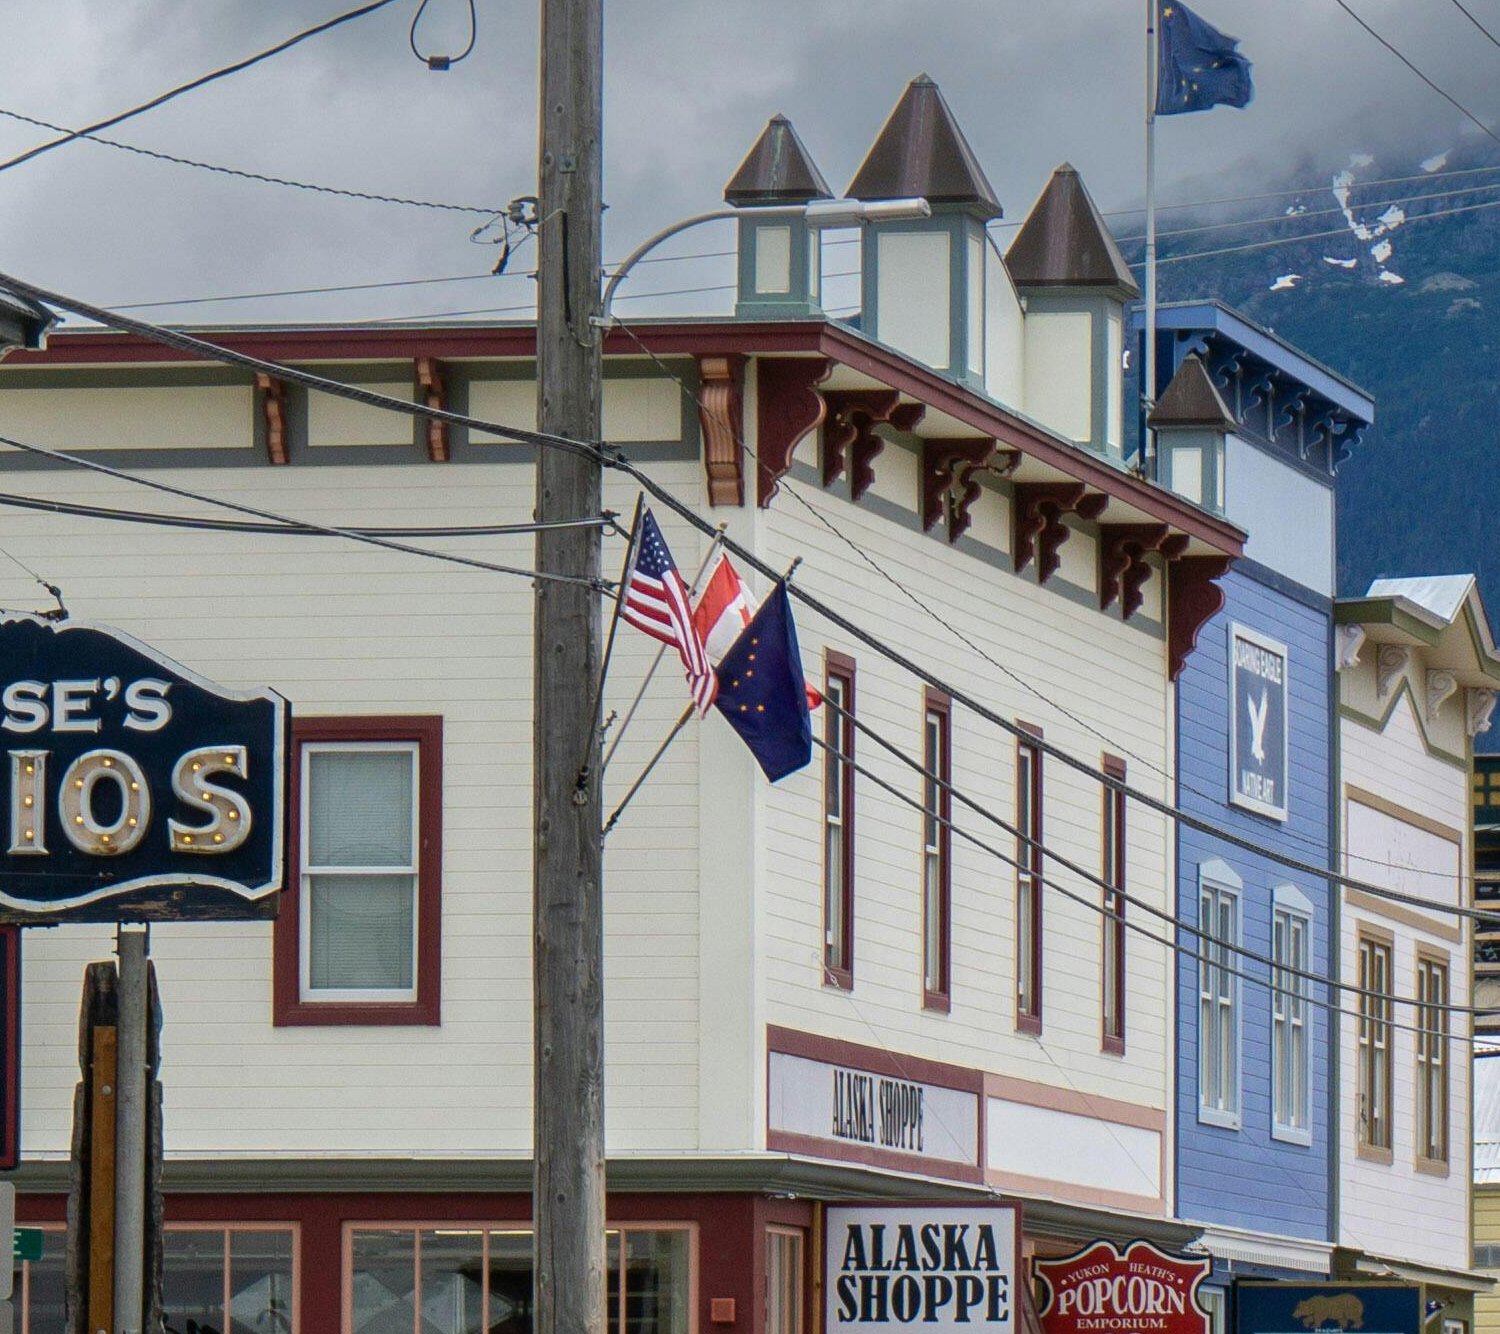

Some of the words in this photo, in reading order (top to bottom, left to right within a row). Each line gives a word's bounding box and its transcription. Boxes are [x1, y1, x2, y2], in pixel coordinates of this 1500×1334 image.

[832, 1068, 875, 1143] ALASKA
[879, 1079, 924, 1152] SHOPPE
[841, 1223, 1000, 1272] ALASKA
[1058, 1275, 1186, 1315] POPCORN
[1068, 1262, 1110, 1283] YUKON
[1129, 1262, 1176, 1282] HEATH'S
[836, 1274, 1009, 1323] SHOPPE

=-=-=-=-=

[BRIEF]: Without the pictures, repeat every line of the material above exactly.

[EXERCISE ANSWER]:
Some of the words in this photo, in reading order (top to bottom, left to right within a row). Each line gives a word's bounding box and its transcription. Boxes are [x1, y1, x2, y2], in pixel coordinates of this 1500×1334 image.

[832, 1068, 875, 1143] ALASKA
[879, 1079, 924, 1152] SHOPPE
[841, 1223, 1000, 1272] ALASKA
[1058, 1275, 1186, 1315] POPCORN
[1068, 1262, 1110, 1283] YUKON
[1129, 1262, 1176, 1282] HEATH'S
[836, 1274, 1009, 1323] SHOPPE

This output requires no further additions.